If you suffer from back pain, it may be due to poor posture. Proper posture will allow you to move with more freedom and make you feel more confident. You will also appear slimmer. To improve your stance, you will need to strengthen your core muscles, which include your abs and back. Use these strengthening exercises to help you stand and sit with correct spinal alignment.
The plank will help strengthen your back, abs and neck. Lie face-down on the floor on your forearms. Raise yourself on your toes (in a push-up position) and balance. Keep your abs pulled in and your back straight. Hold for 10 seconds and then relax. Do 5 to 10 repetitions.

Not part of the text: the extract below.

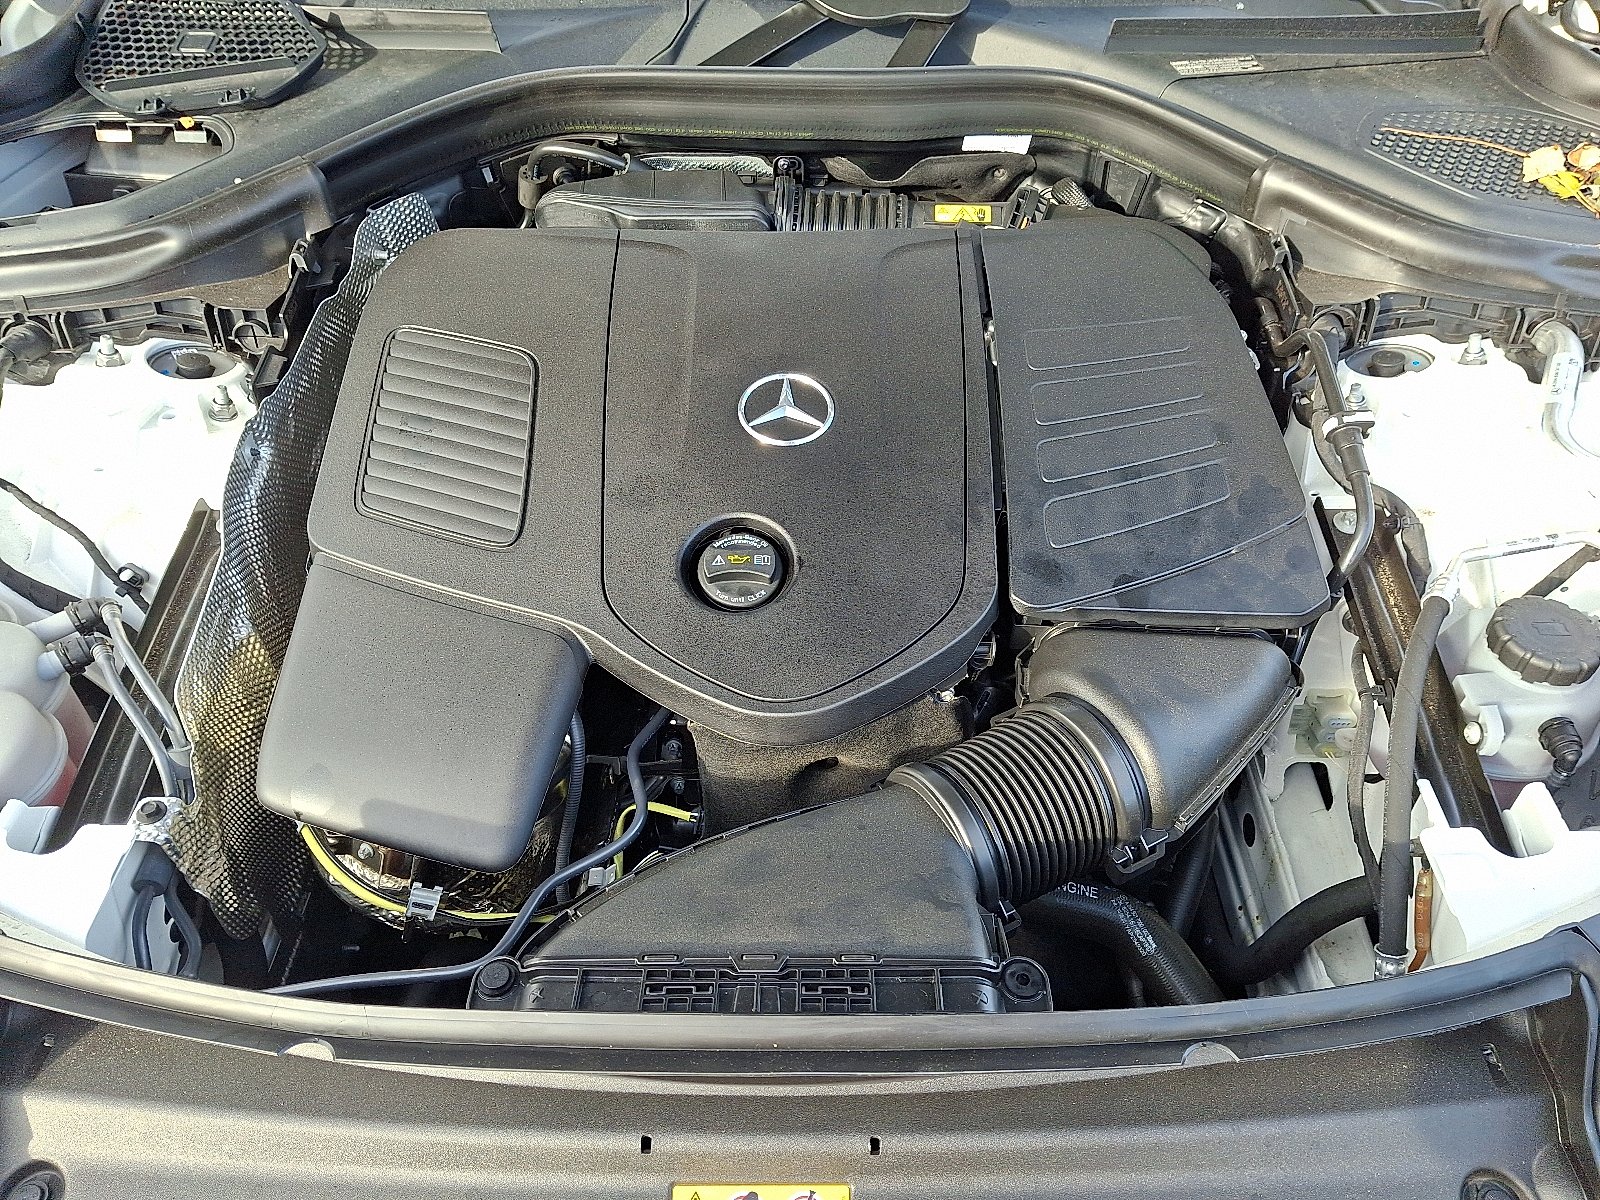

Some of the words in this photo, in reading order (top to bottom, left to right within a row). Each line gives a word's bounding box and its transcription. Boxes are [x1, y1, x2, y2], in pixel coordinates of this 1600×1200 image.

[712, 534, 760, 548] Mercedes-Benz
[720, 539, 761, 549] recommended
[747, 589, 767, 602] CLICK

This exercise will strengthen your back and enhance your flexibility. Lie face down on the floor and extend your arms past your head. Your body should be in a straight line from the tips of your fingers to your toes. Raise your torso, arms and legs at the same time, as though you were trying to fly like Superman. Hold this pose for 10 seconds and then relax. Do 5 to 10 reps.
3. Wall Squats
This is a great exercise to build the muscles in your buttocks, which help to distribute the weight on your spine. Stand with your back against a wall, leaving your heels about 12-18 inches away from the wall. Slowly lower yourself as though you were going to sit in a chair. Your knees should be at a 90 degree angle. Be careful to keep your back on the wall as you slide down. Squat for 10 seconds and then slide back up to a standing position. Repeat 5 to 10 times.
4. Hip Bridge
The hip bridge will work your abs, butt and back. Lie on your back with your arms at your sides. Bend your knees at a 90 degree angle. As you keep your feet flat on the floor, contract your butt and abs so that your pelvis lifts up off the floor. Keep your abs tight and relax your neck. Your legs should be doing most of the work. Your body should make a straight line from your knees to shoulders. Hold the pose for 10 seconds. Lower your pelvis back to the floor. Repeat the exercise 10 times.

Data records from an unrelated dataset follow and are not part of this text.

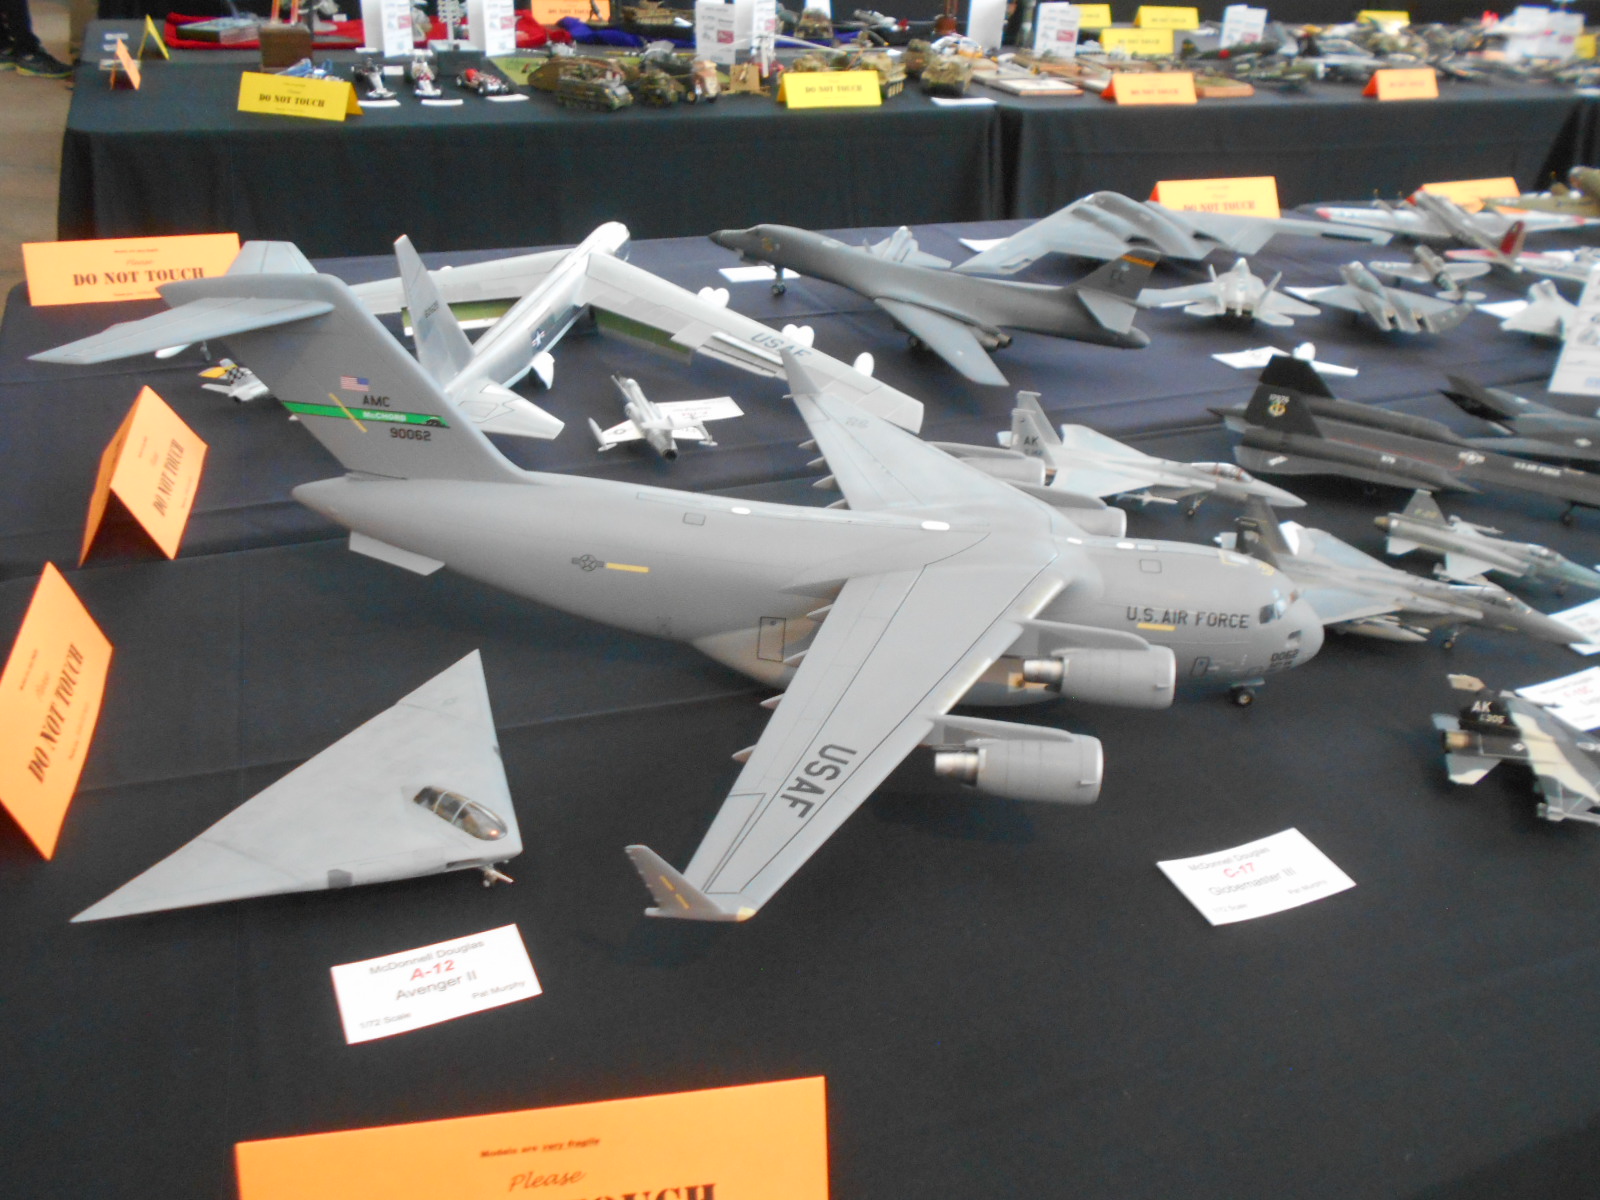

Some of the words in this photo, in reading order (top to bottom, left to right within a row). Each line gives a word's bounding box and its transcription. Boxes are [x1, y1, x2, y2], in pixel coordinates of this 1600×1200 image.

[259, 93, 271, 102] DO
[274, 95, 291, 104] NOT
[295, 97, 325, 108] TOUCH
[73, 273, 98, 286] DO
[104, 271, 140, 285] NOT
[144, 267, 205, 282] TOUCH
[363, 395, 390, 407] AMC
[390, 427, 431, 441] 90062
[1023, 436, 1039, 445] AK
[157, 472, 176, 500] NOT
[1126, 606, 1159, 623] U.S.
[1162, 609, 1189, 625] AIR
[1195, 611, 1250, 629] FORCE
[27, 746, 49, 784] DO
[40, 702, 66, 751] NOT
[54, 642, 84, 708] TOUCH
[1472, 700, 1493, 712] AK
[780, 743, 858, 819] USAF
[1223, 862, 1256, 878] C-17
[369, 952, 434, 975] McDonnell
[436, 940, 485, 960] Douglas
[410, 959, 456, 981] A-12
[395, 973, 463, 1001] Avenger
[466, 969, 478, 982] II
[359, 1018, 381, 1030] 1/72
[383, 1011, 412, 1025] Scale
[508, 1170, 588, 1193] Please

Crunches are essential to a strong core and proper posture. Lie on your back with your feet flat on the floor and your knees bent. You can leave your arms straight down at your sides, cross them over your chest, or place your hands behind your head. Contract your abs to pull your shoulders and chest off the floor, and then lower. Do 20 crunches.
6. Reverse Crunches
While regular crunches work the upper ab muscles, reverse crunches will strengthen your lower abs. Lie as you would for crunches. Instead of lifting the top of your body, keep your shoulders on the floor. Contract your abs to pull your knees in towards your chest. Keep your knees at a 90 degree angle, and do not use your leg muscles for momentum. Keep all movement centered in your abs. Lower and repeat 10 times.